Among the domains that may suggest similarities between CSB and addictive disorders are neuroimaging studies, with several recent studies omitted by Walton et al. (2017). Initial studies often examined CSB with respect to models of addiction (reviewed in Gola, Wordecha, Marchewka, & Sescousse, 2016b; Kraus, Voon, & Potenza, 2016b). A prominent model—the incentive salience theory (Robinson & Berridge, 1993)—states that in individuals with addictions, cues associated with substances of abuse may acquire strong incentive values and evoke craving. Such reactions may relate to activations of brain regions implicated in reward processing, including the ventral striatum. Tasks assessing cue reactivity and reward processing may be modified to investigate the specificity of cues (e.g., monetary versus erotic) to specific groups (Sescousse, Barbalat, Domenech, & Dreher, 2013), and we have recently applied this task to study a clinical sample (Gola et al., 2017). We found that individuals seeking treatment for problematic pornography use and masturbation, when compared to matched (by age, gender, income, religiosity, amount of sexual contacts with partners, sexual arousability) healthy control subjects, showed increased ventral striatal reactivity for cues of erotic rewards, but not for associated rewards and not for monetary cues and rewards. This pattern of brain reactivity is in line with the incentive salience theory and suggests that a key feature of CSB may involve cue reactivity or craving induced by initially neutral cues associated with sexual activity and sexual stimuli. Additional data suggest that other brain circuits and mechanisms may be involved in CSB, and these may include anterior cingulate, hippocampus and amygdala (Banca et al., 2016; Klucken, Wehrum-Osinsky, Schweckendiek, Kruse, & Stark, 2016; Voon et al., 2014).

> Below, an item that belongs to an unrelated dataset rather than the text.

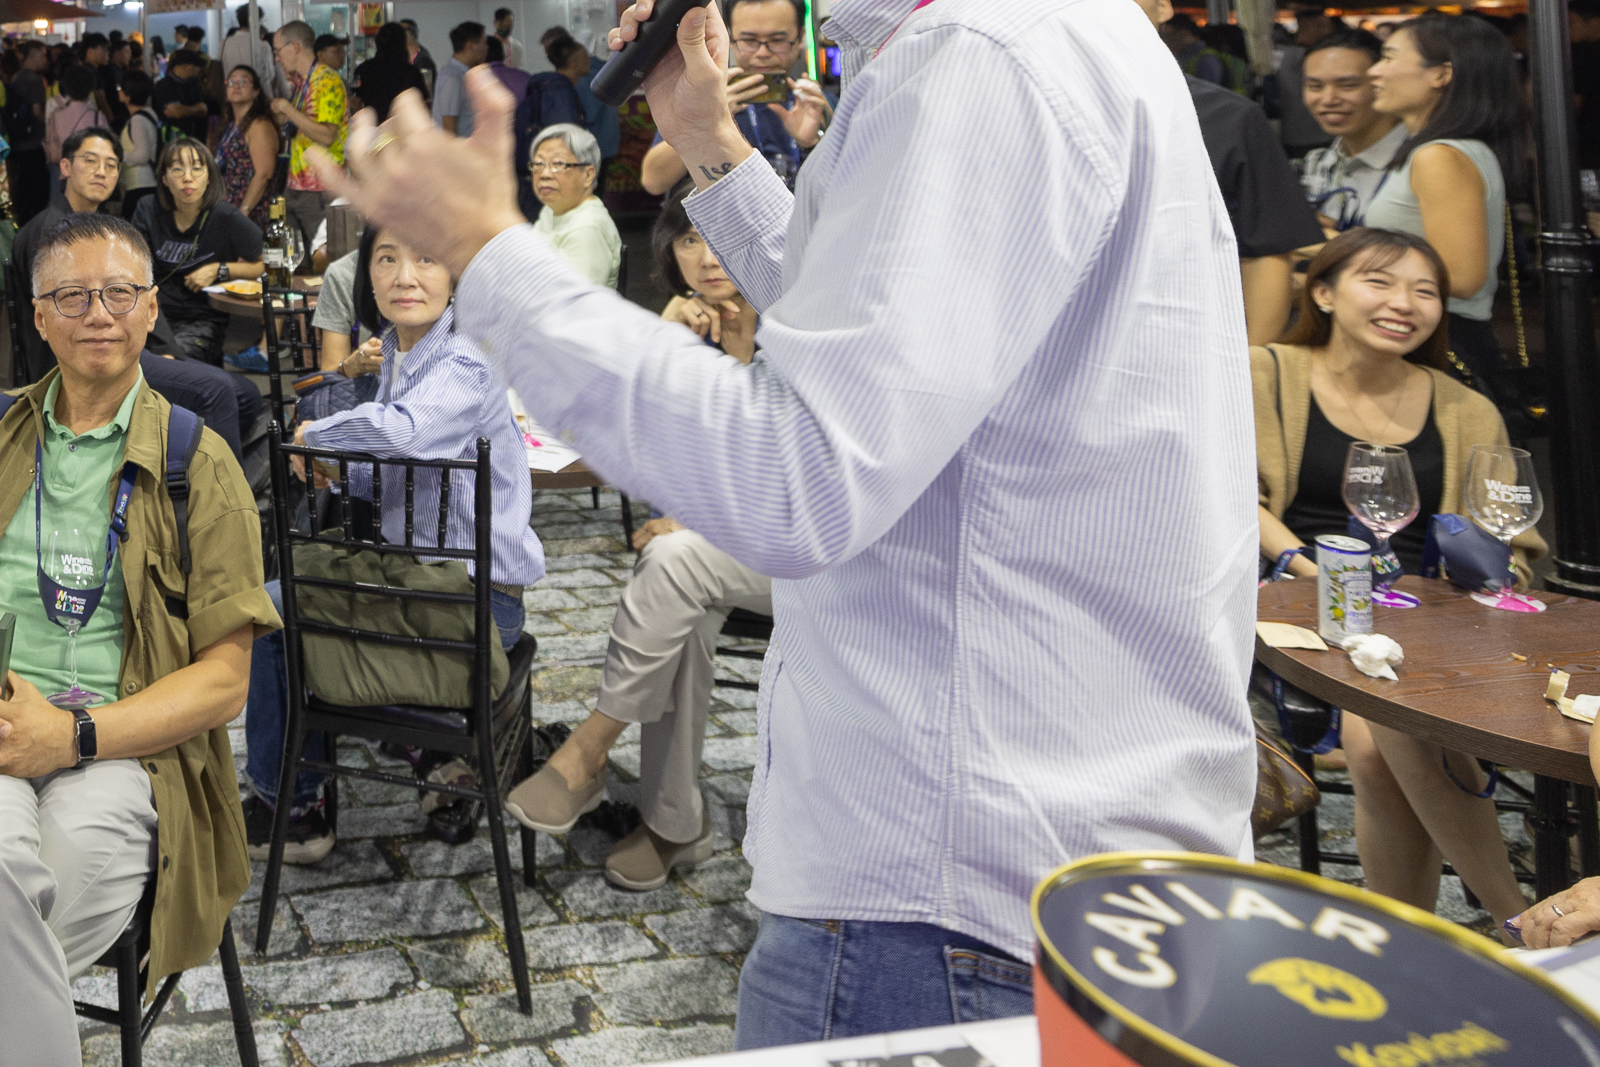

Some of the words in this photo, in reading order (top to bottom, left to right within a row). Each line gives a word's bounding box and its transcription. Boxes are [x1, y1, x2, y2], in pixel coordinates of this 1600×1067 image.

Among these, we have hypothesized that the extended amygdala circuit that relates to high reactivity for threats and anxiety may be particularly clinically relevant (Gola, Miyakoshi, & Sescousse, 2015; Gola & Potenza, 2016) based on observation that some CSB individuals present with high levels of anxiety (Gola et al., 2017) and CSB symptoms may be reduced together with pharmacological reduction in anxiety (Gola & Potenza, 2016). However, these studies currently involve small samples and additional research is needed.

Conclusion

In summary, we highlight the importance of empirical validation of models of CSB. Consensus is needed regarding the definition of CSBs and CSB disorder. If CSB disorder is included in ICD-11 as currently proposed, this could provide the foundation for systematic research in multiple domains. Well-designed and conducted longitudinal neuroscientific studies of CSB and non-CSB groups, including investigations allowing measurement of brain activity during actual sexual activity, could be very informative. We believe that such data may be used to test and refine existing models and permit the generation of new theoretical models developed in a data-driven fashion.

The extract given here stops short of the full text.